• _WORK INSTRUCTION_
Exact repetition, pictures omitted: give every record below again.

• _DATA_
☆ ☆ ☆ ☆ ☆ ☆ ☆
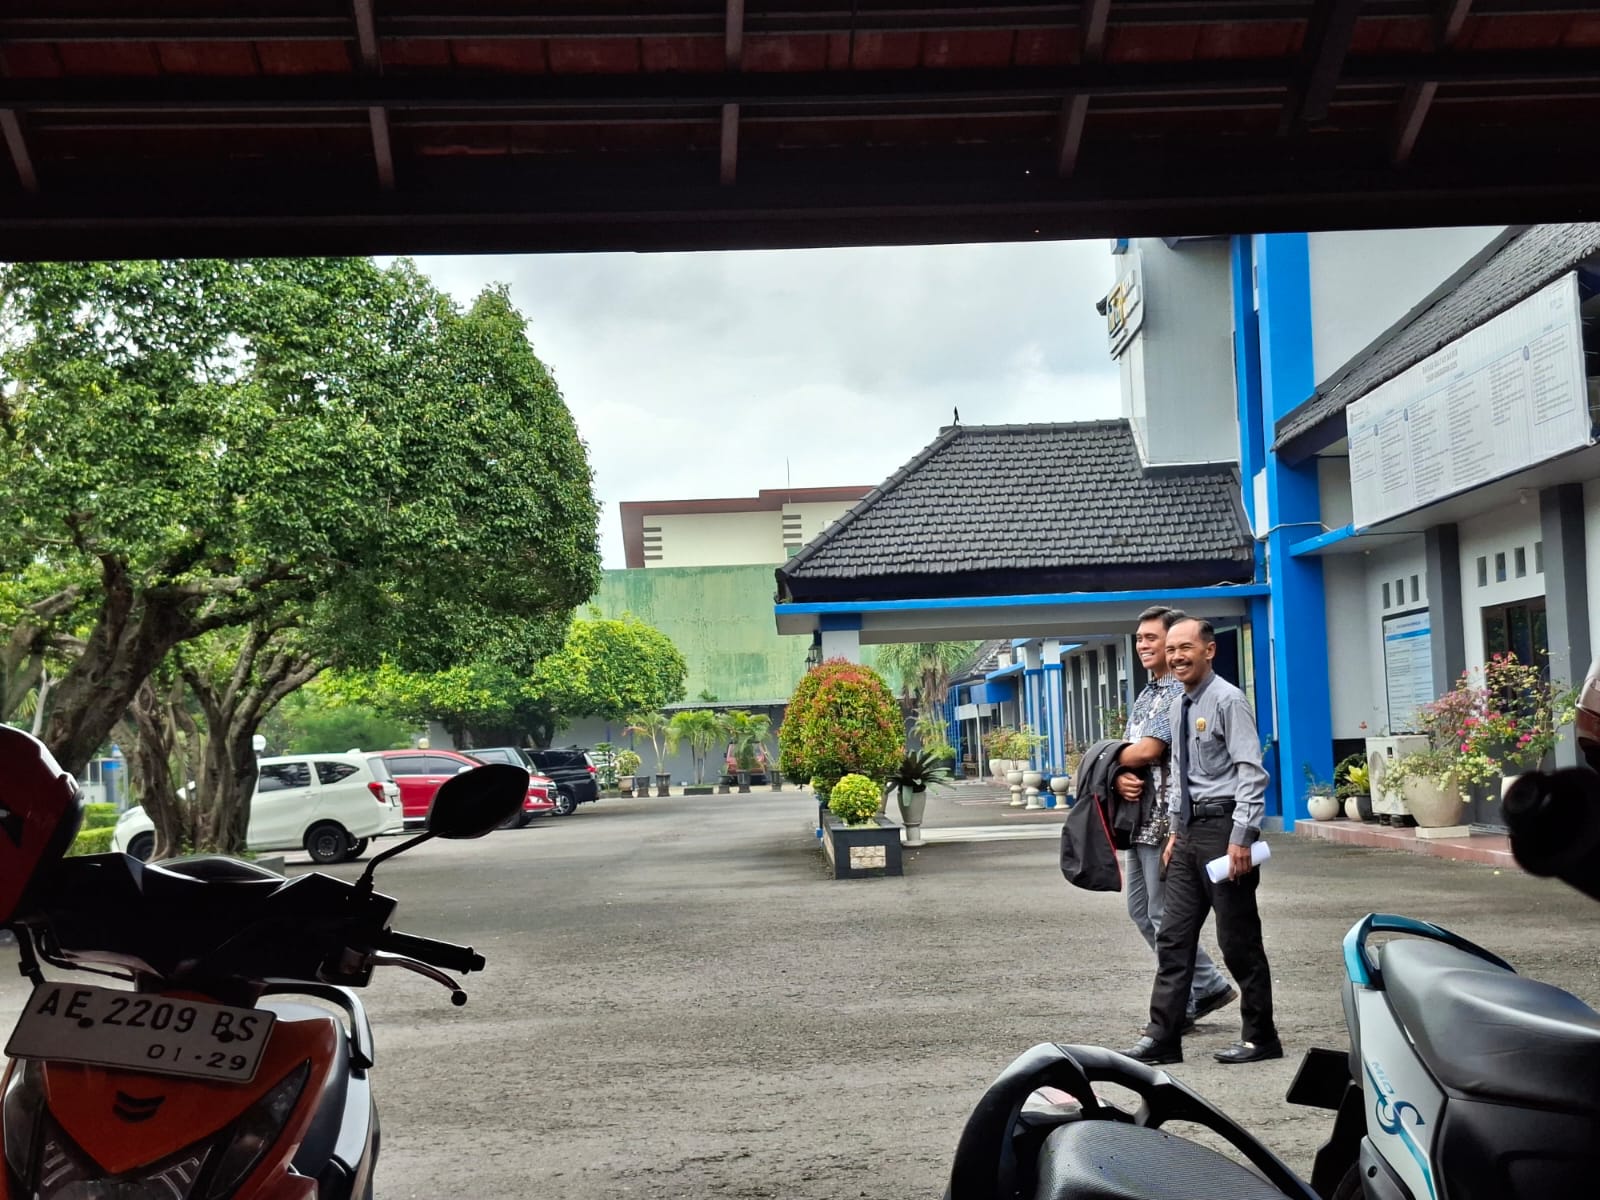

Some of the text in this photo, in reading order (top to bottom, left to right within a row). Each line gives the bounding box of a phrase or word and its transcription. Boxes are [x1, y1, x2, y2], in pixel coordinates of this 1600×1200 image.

[37, 989, 258, 1043] AE 2209 BS
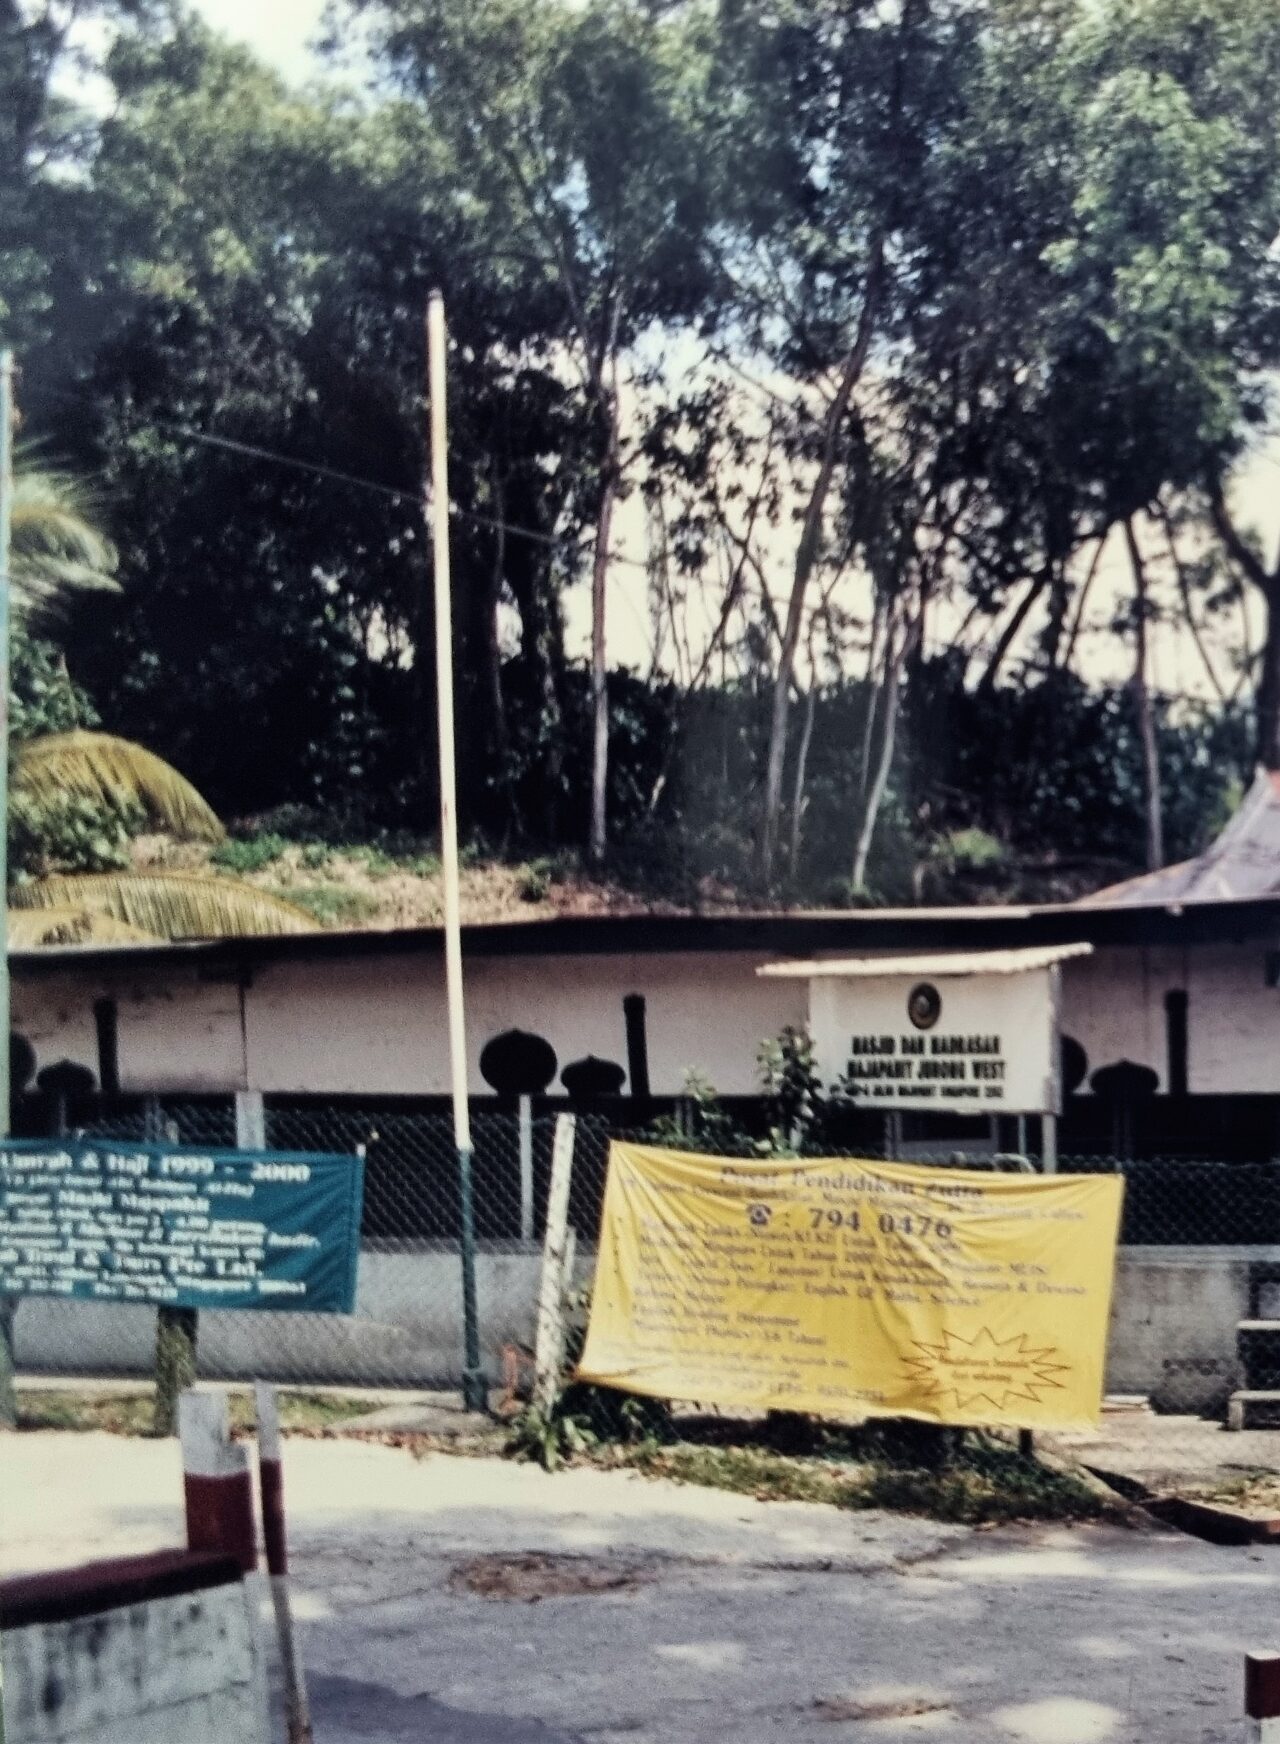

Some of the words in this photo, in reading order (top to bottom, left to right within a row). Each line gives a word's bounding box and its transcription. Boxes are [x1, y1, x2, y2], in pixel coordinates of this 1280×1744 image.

[972, 1060, 1005, 1079] WEST
[809, 1208, 859, 1230] 794
[878, 1213, 952, 1238] 0476
☆ ☆ ☆ ☆ ☆ ☆ ☆
• _ANSWER BOX_
Some of the text in this photo, in reading order (top to bottom, left to right within a row). Each line gives the bounding box of a phrase or word and its transcription. Boxes are [x1, y1, x2, y2], in pixel coordinates of this 1600×1200 image.

[37, 989, 258, 1043] AE 2209 BS

Some of the words in this photo, in reading order (top to bottom, left to right within a row). Each line gives a word's bounding box and its transcription. Boxes are [x1, y1, x2, y2], in pixel coordinates of this 1280×1744 image.

[972, 1060, 1005, 1079] WEST
[809, 1208, 859, 1230] 794
[878, 1213, 952, 1238] 0476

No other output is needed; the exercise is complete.